INFORMATION SHOWN
# # # #

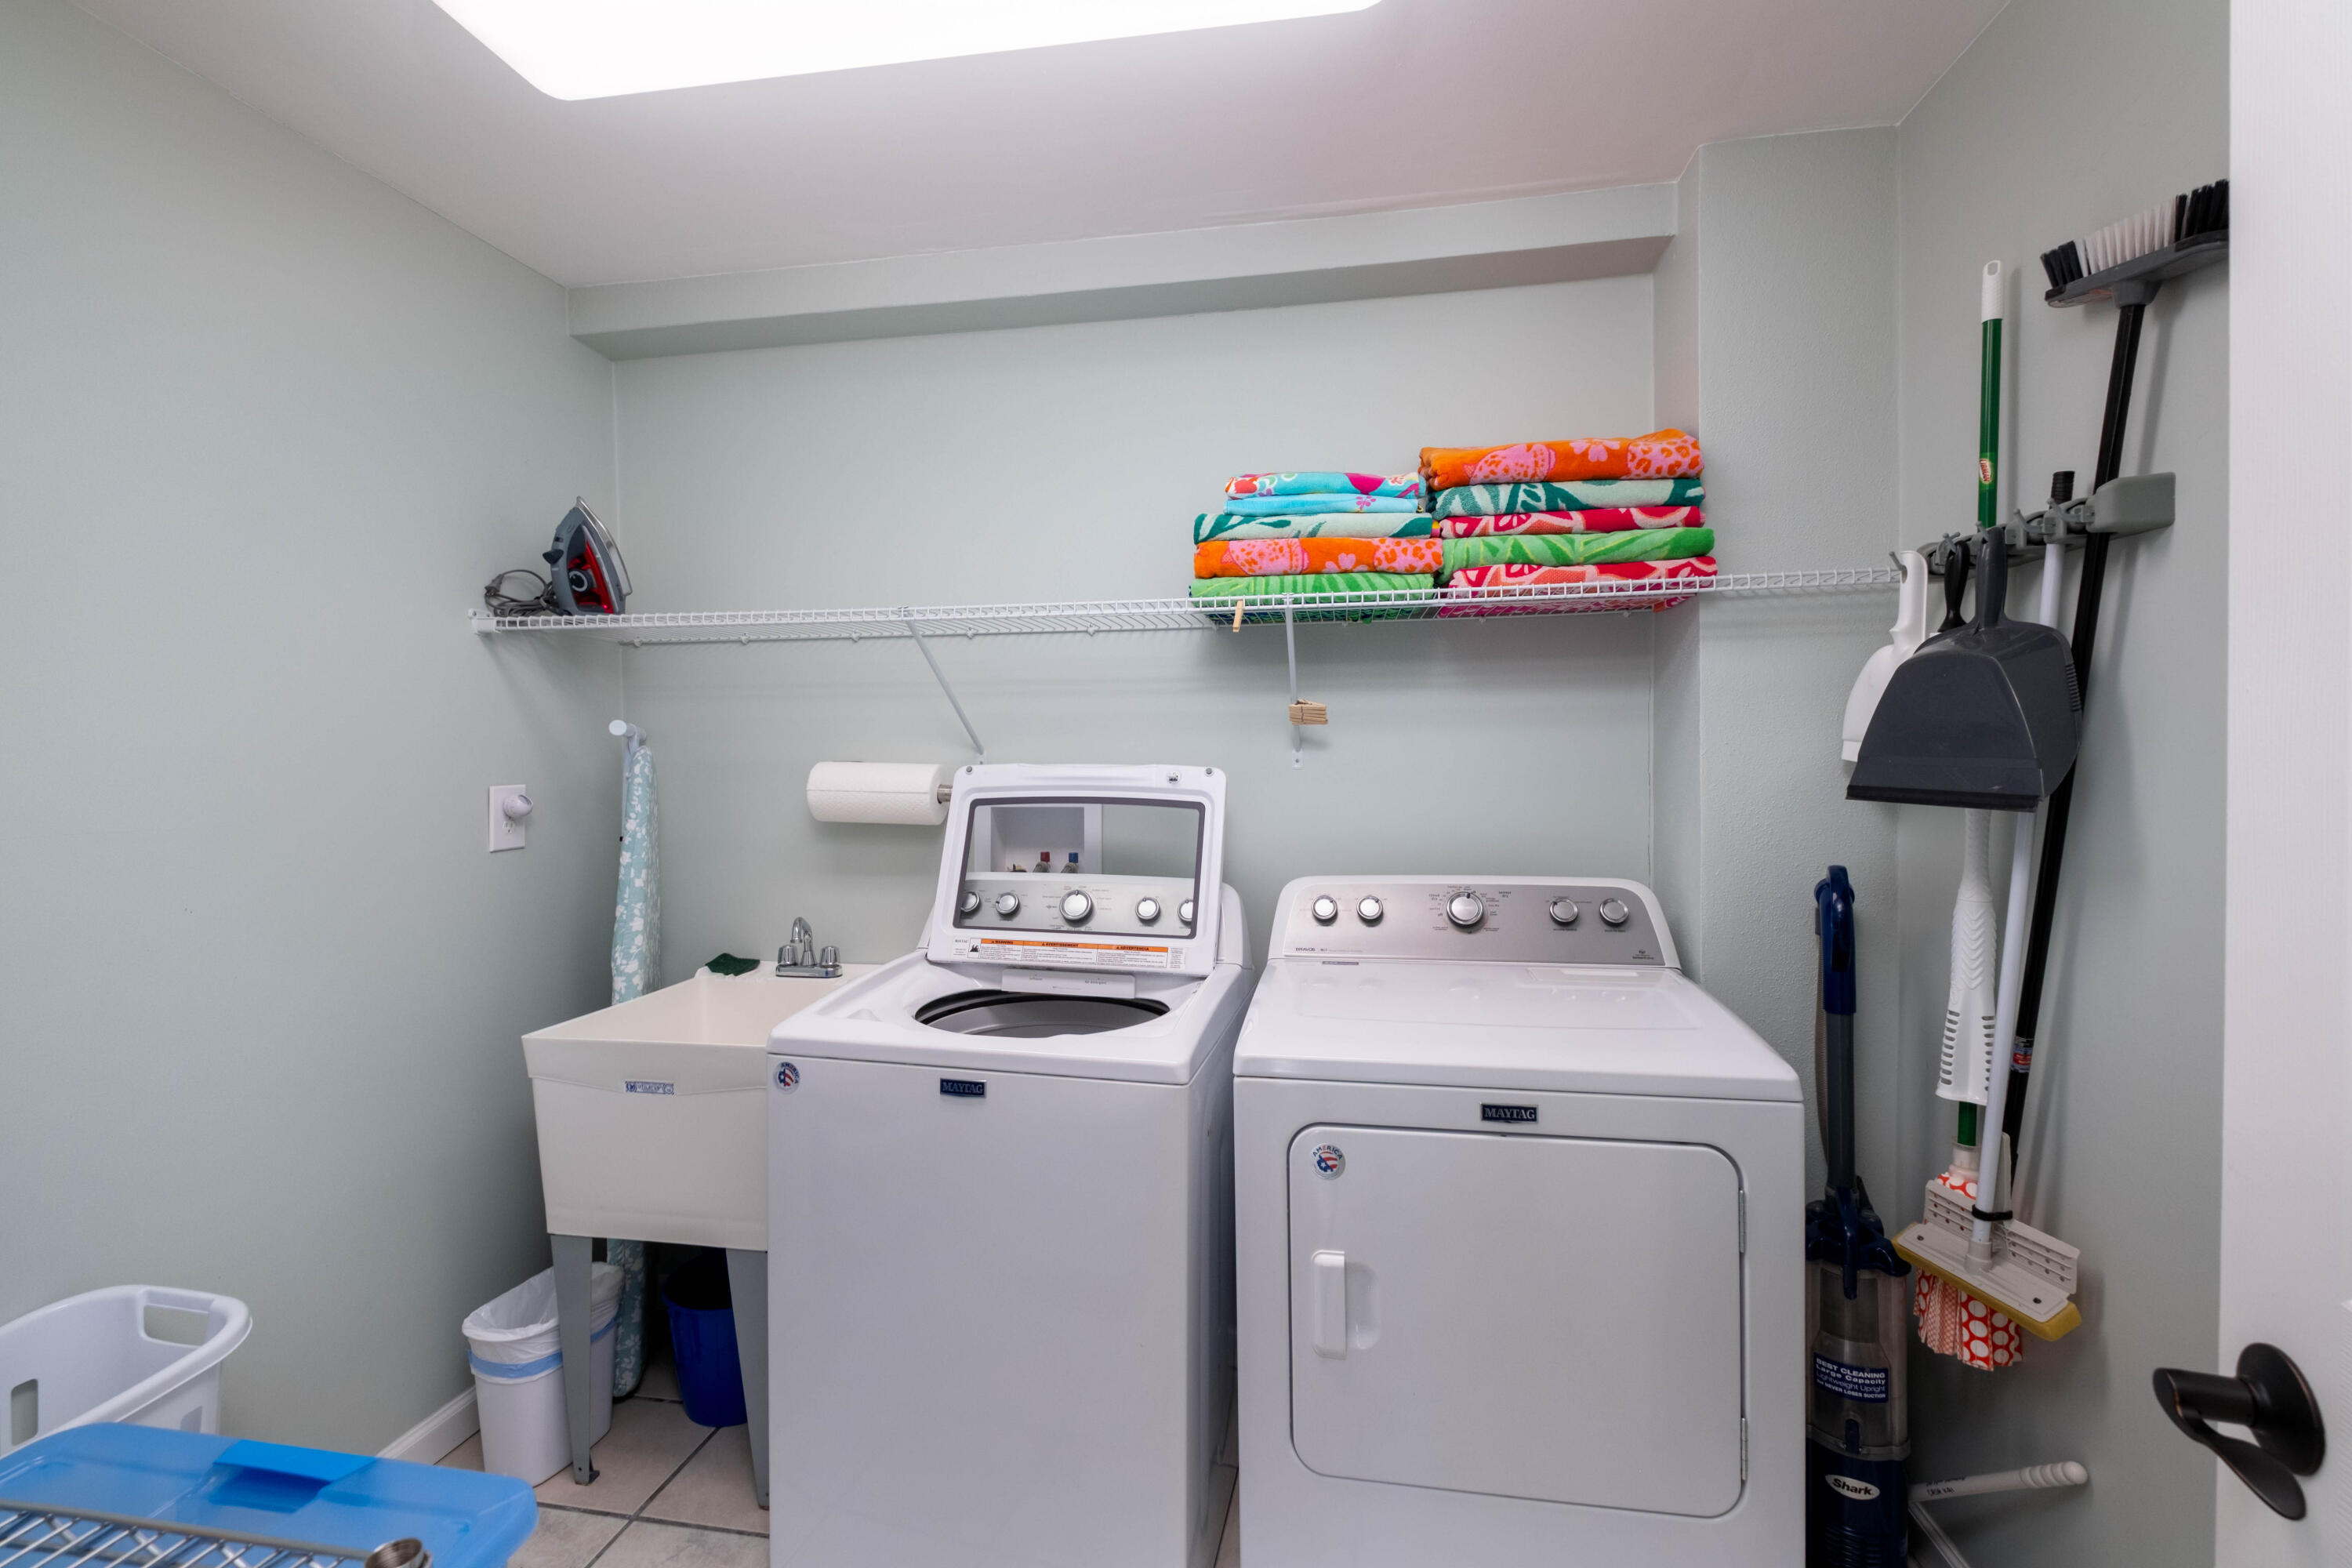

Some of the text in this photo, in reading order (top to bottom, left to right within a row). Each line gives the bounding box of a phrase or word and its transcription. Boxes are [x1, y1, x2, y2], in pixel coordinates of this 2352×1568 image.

[942, 1082, 984, 1094] MAYTAG
[1484, 1107, 1536, 1120] MAYTAG
[1312, 1145, 1343, 1160] AMERICA
[1816, 1357, 1886, 1378] BEST CLEANING
[1816, 1364, 1886, 1386] Large Capacity
[1816, 1370, 1886, 1394] Lightweight Upright
[1824, 1382, 1843, 1393] NEVER
[1831, 1478, 1872, 1496] Shark
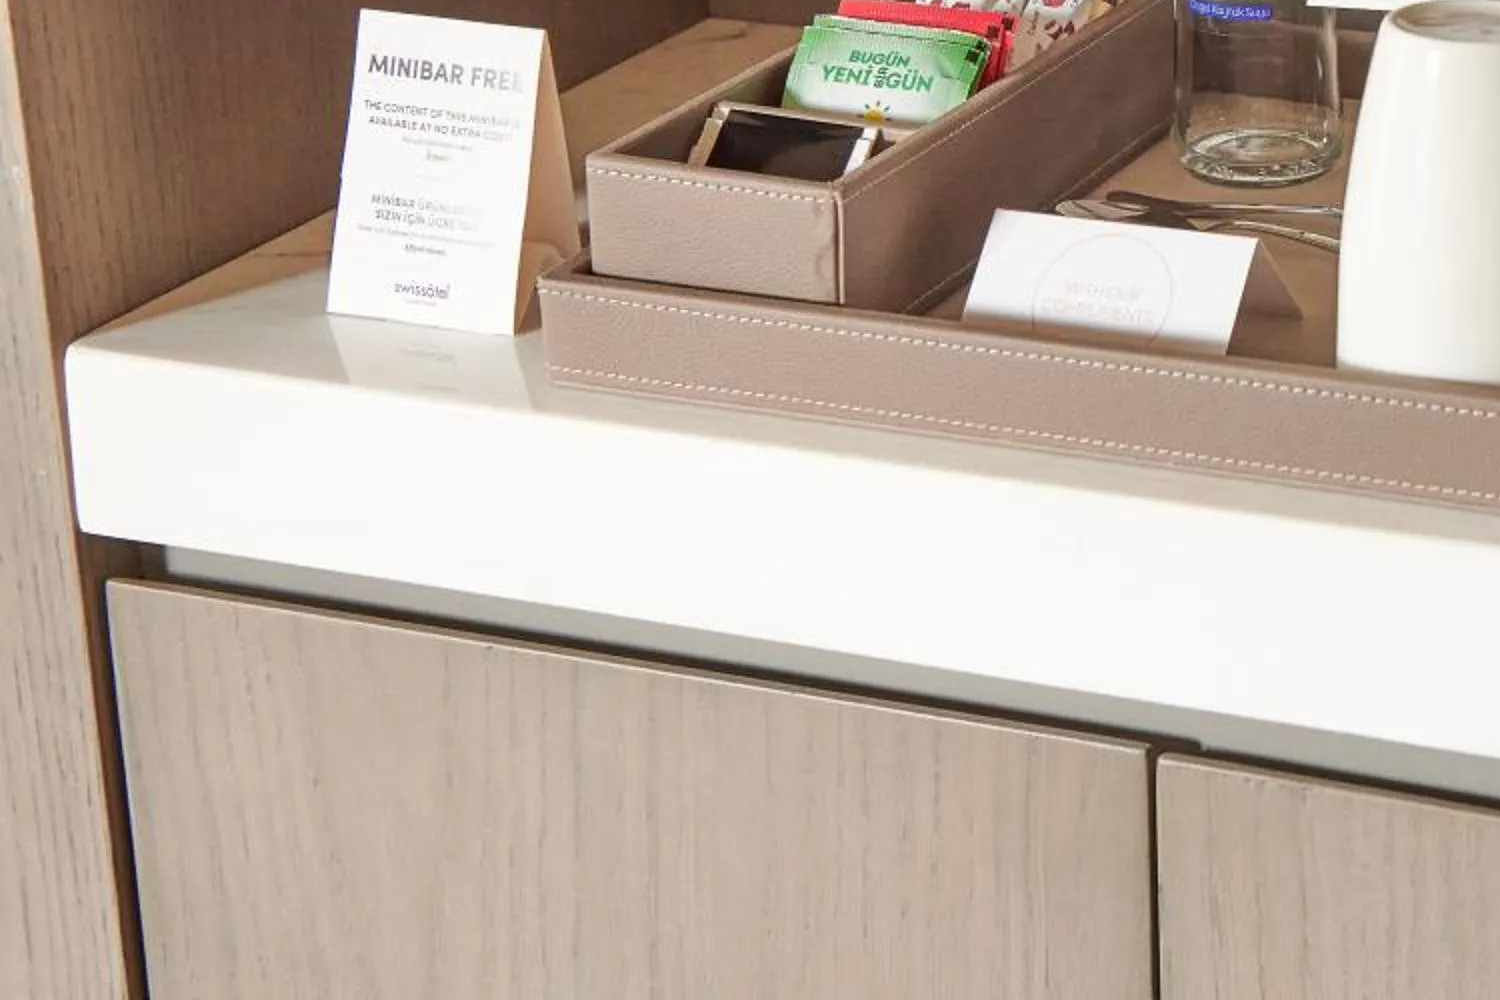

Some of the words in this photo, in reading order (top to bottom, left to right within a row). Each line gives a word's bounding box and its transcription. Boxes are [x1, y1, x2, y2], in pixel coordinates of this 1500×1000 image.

[367, 54, 464, 86] MINIBAR
[848, 49, 911, 68] BUGÜN
[822, 64, 873, 85] YENİ
[886, 69, 935, 93] GÜN

# # # #

Every record above must be repeated exactly, with the pictures dropped.

YOUR SOLUTION
Some of the text in this photo, in reading order (top to bottom, left to right within a row). Each line gives the bounding box of a phrase or word and its transcription. Boxes are [x1, y1, x2, y2], in pixel coordinates of this 2352×1568 image.

[942, 1082, 984, 1094] MAYTAG
[1484, 1107, 1536, 1120] MAYTAG
[1312, 1145, 1343, 1160] AMERICA
[1816, 1357, 1886, 1378] BEST CLEANING
[1816, 1364, 1886, 1386] Large Capacity
[1816, 1370, 1886, 1394] Lightweight Upright
[1824, 1382, 1843, 1393] NEVER
[1831, 1478, 1872, 1496] Shark

Some of the words in this photo, in reading order (top to bottom, left to right within a row). Each line gives a word's bounding box and its transcription. Boxes are [x1, y1, x2, y2], in pixel coordinates of this 1500×1000 image.

[367, 54, 464, 86] MINIBAR
[848, 49, 911, 68] BUGÜN
[822, 64, 873, 85] YENİ
[886, 69, 935, 93] GÜN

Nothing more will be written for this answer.